Le criticita' e le opportunita' arrivano da mille direzioni: e' richiesta la massima flessibilita' organizzativa, la capacita' di apprendimento continuo, e di adattamento rapido e non approssimativo. Una struttura troppo rigida e controllata, funziona molto bene in assenza di necessita' di cambiamento, ma non in contesti cosi' tempestuosi. Una struttura a rete, invece, libera tutto il potenziale di intelligenza, creativita' e capacita' di elaborazione che spesso rimane nascosto nelle pieghe dell'organizzazione tradizionale.

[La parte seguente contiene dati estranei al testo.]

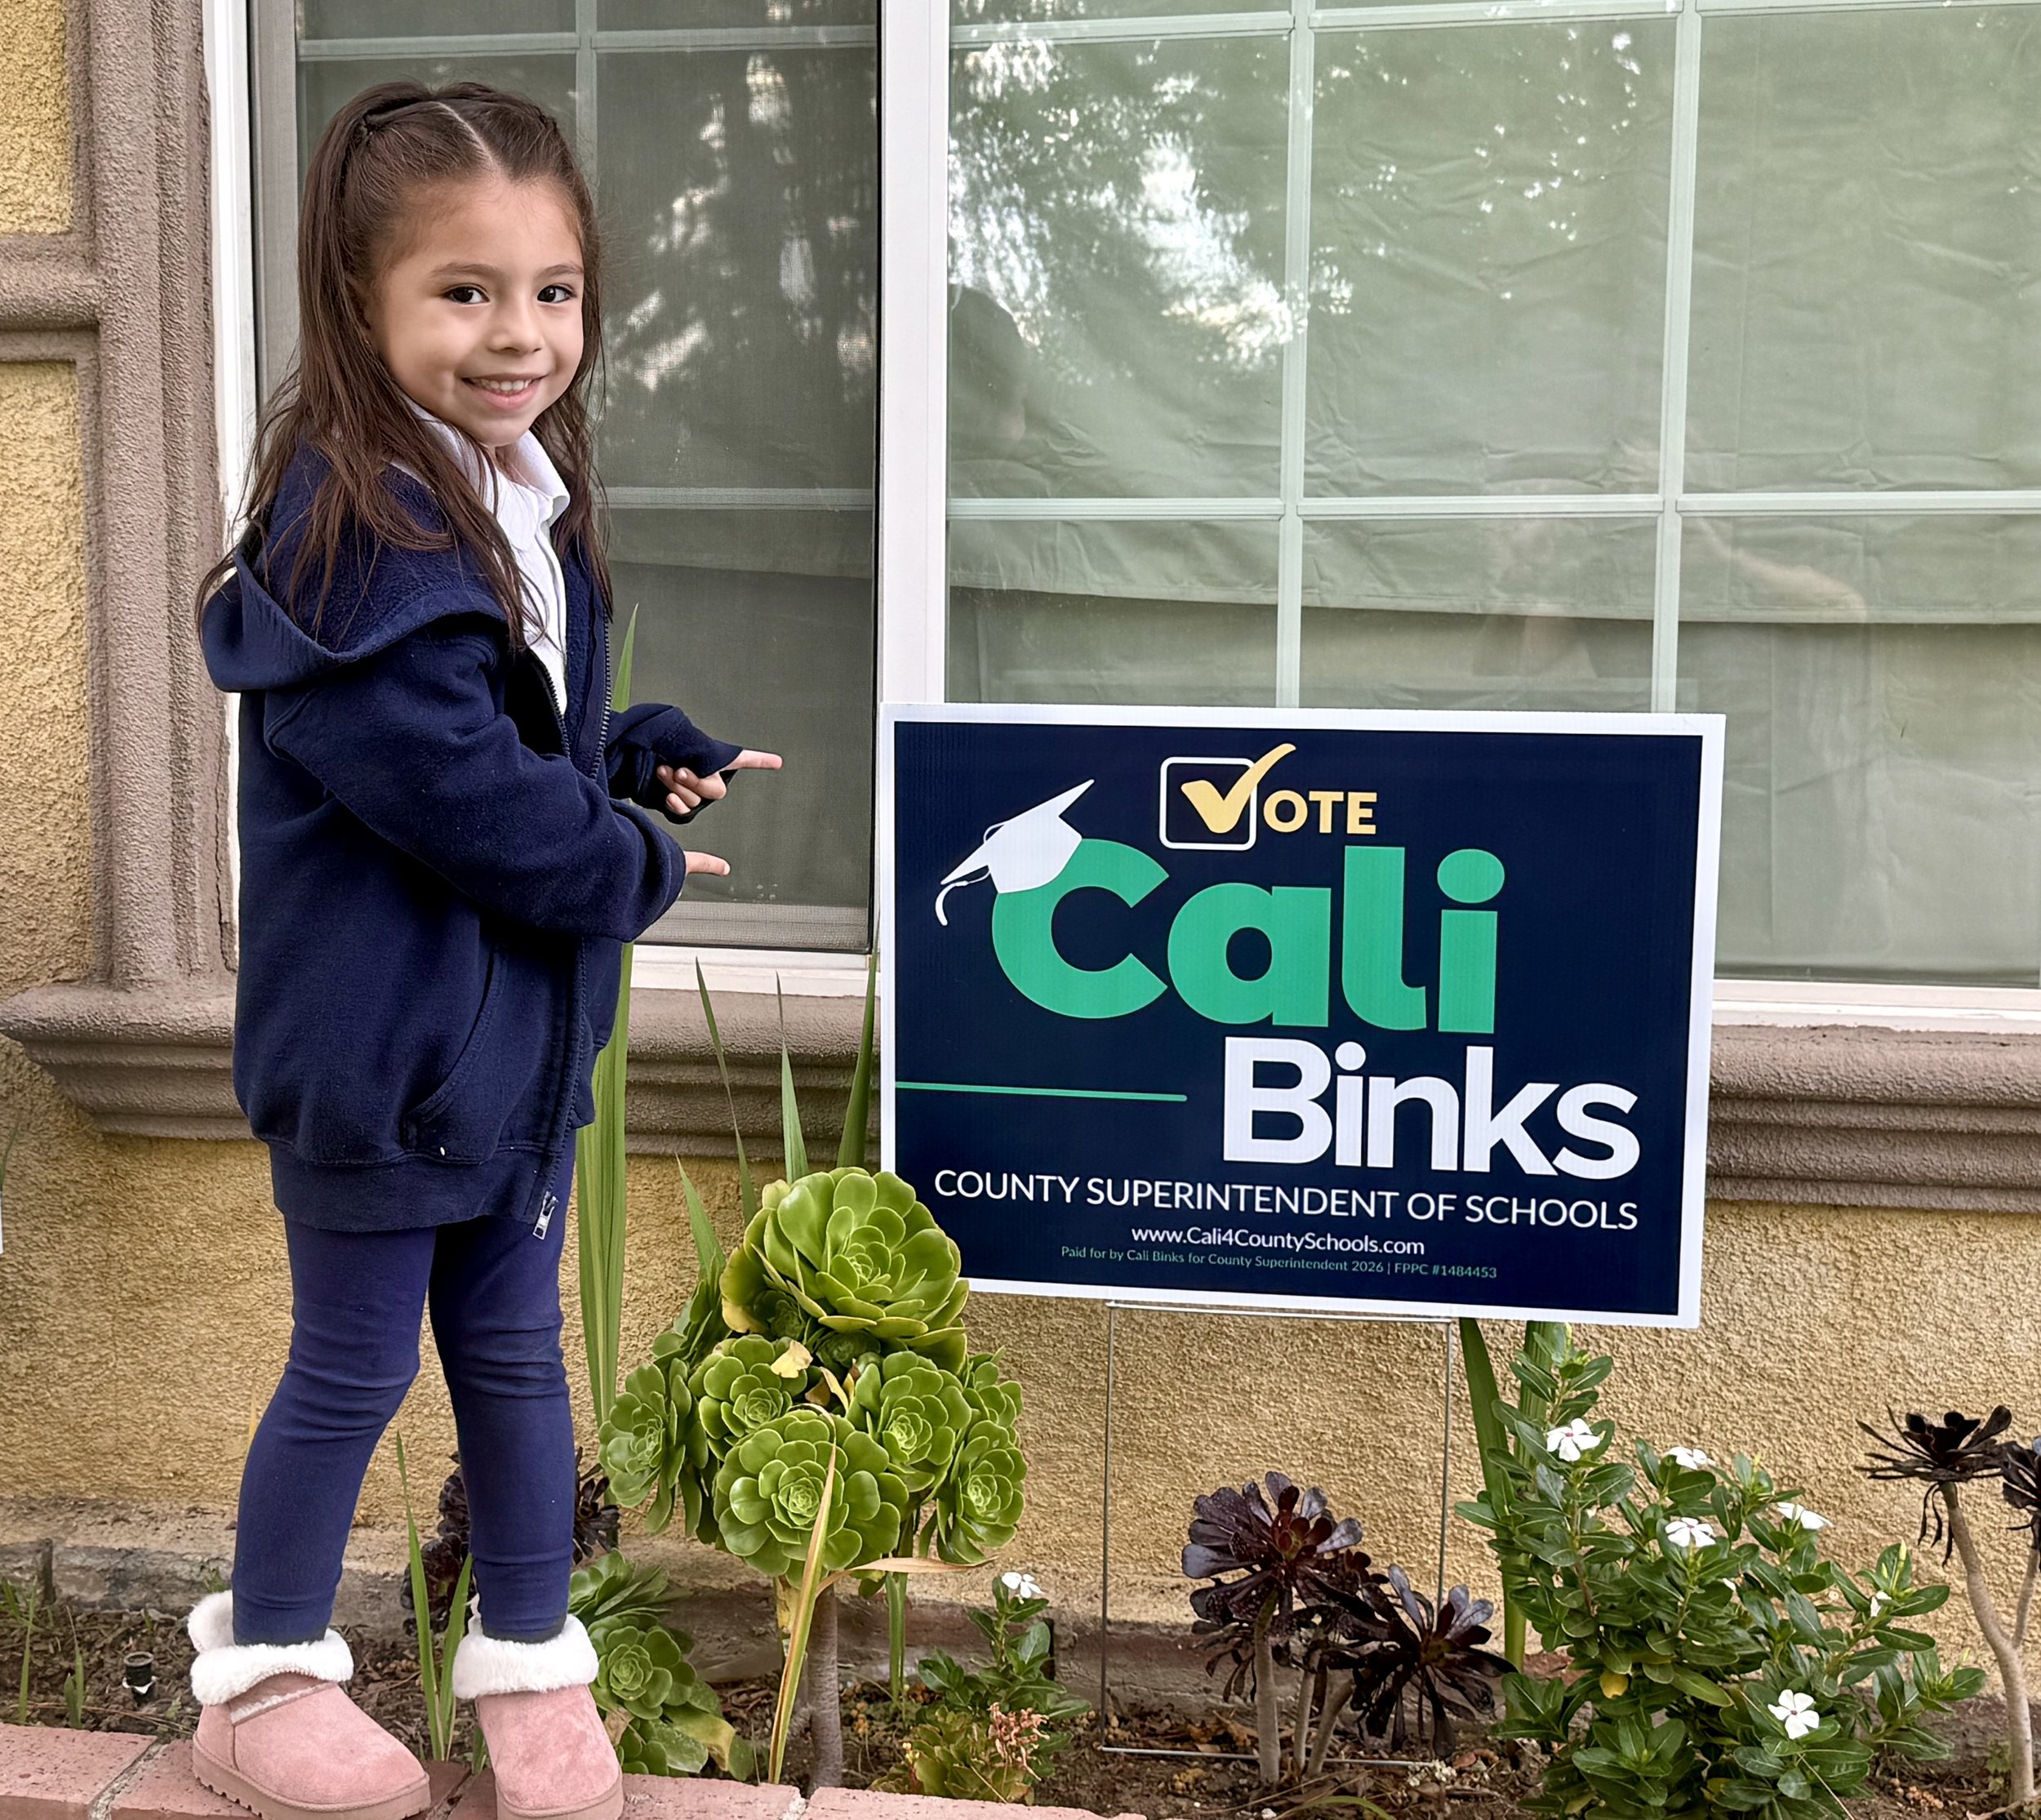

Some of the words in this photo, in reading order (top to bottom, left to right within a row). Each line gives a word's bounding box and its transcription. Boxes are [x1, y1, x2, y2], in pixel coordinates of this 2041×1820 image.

[991, 838, 1506, 1035] Cali
[1222, 1035, 1642, 1181] Binks
[934, 1168, 1081, 1204] COUNTY
[1086, 1177, 1400, 1219] SUPERINTENDENT
[1407, 1192, 1458, 1221] OF
[1465, 1195, 1639, 1230] SCHOOLS
[1061, 1245, 1087, 1258] Paid
[1089, 1247, 1107, 1259] for
[1109, 1248, 1124, 1262] by
[1126, 1249, 1149, 1262] Cali
[1152, 1250, 1185, 1263] Binks
[1188, 1252, 1206, 1264] for
[1207, 1253, 1252, 1268] County
[1254, 1255, 1349, 1271] Superintendent
[1351, 1260, 1385, 1273] 2026
[1394, 1262, 1430, 1275] FPPC
[1431, 1264, 1498, 1279] #1484453
[1131, 1226, 1425, 1256] www.Cali4CountySchools.com
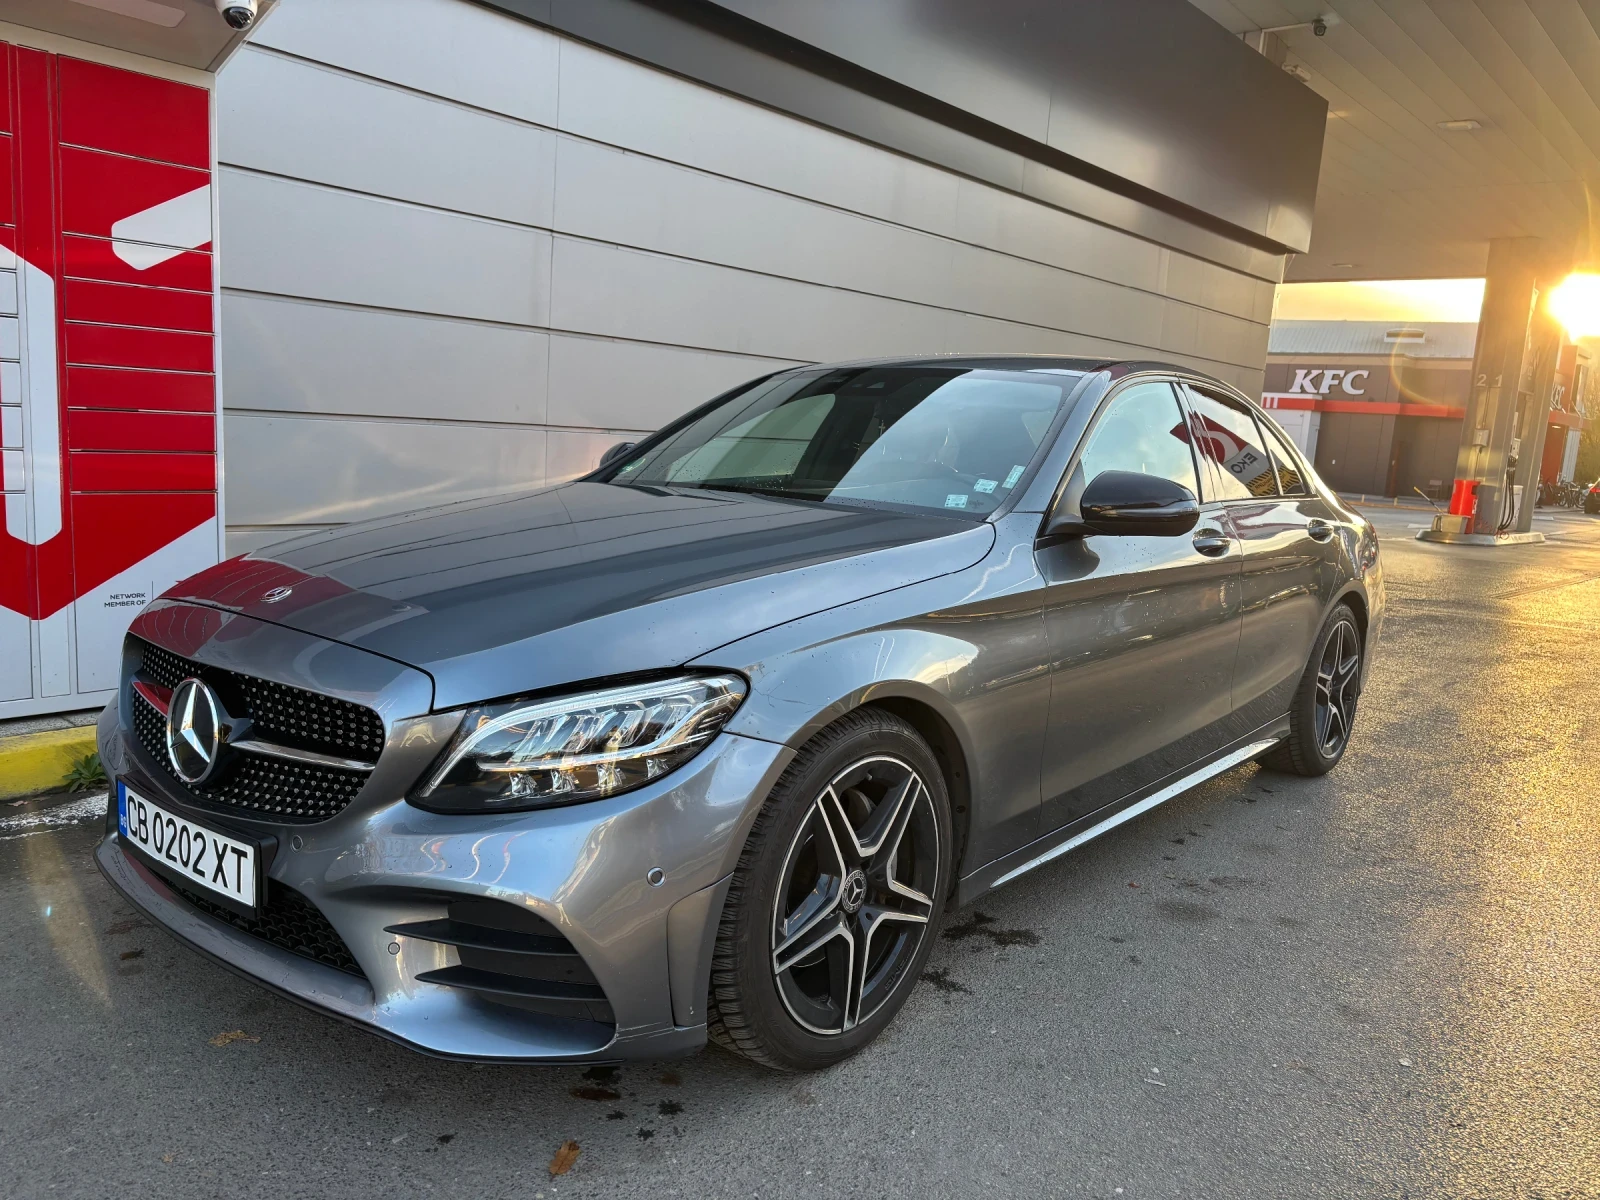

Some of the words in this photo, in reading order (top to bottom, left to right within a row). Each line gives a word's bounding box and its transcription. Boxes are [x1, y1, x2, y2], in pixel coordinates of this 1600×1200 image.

[1288, 369, 1370, 395] KFC
[1476, 373, 1487, 387] 2
[1495, 374, 1503, 388] 1
[109, 592, 146, 600] NETWORK
[104, 600, 136, 608] MEMBER
[127, 795, 149, 845] CB
[153, 811, 207, 878] 0202
[212, 838, 248, 894] XT

Non solo migliora l'efficienza aziendale, ma anche il posizionamento dell'azienda stessa nel suo ecosistema di riferimento, e quindi aumenta le nuove opportunita' di business.

A quali tecnologie si fa riferimento in particolare ?

La tecnologia ha promesso finora maggiore efficacia ed efficienza organizzativa attraverso piattaforme informatiche per l'elaborazione dei dati (business intelligence), per la gestione dei documenti in azienda (document management), per l'esecuzione dei flussi di lavoro (workflow management), per il supporto alle principali aree funzionali (erp), e per il supporto alla comunicazione e alla collaborazione in azienda (intranet). Proprio in seguito ad una migliore gestione di queste risorse, e' emersa la necessita' di spostare l'attenzione direttamente sulle persone e sulla loro capacita' di connettersi, collaborare, e attivarsi per risolvere problemi e generare nuove opportunita'. La tecnologia delle intranet di seconda generazione, che comprende una foltissima famiglia di strumenti “web-based”, piu' di tutte garantisce supporto e spinta a questo nuovo approccio, in modo efficace, con grande flessibilita' e a costi bassissimi. Si tratta di un campo dove assistiamo da anni ad innovazioni straordinarie, che spesso l'utente finale, e l'azienda che se ne serve, non conosce fino in fondo e che rimangono, per cosi' dire, “sotto il cofano”. Ma soprattutto la vera novita', che internet ci dimostra ogni giorno, e' che ora si possono gestire livelli di complessita' (conoscenze, relazioni, informazioni di ogni tipo) ormai sempre piu' ingovernabili con altri strumenti. Una scheda tecnica separata illustra le caratteristiche distintive degli strumenti in questione.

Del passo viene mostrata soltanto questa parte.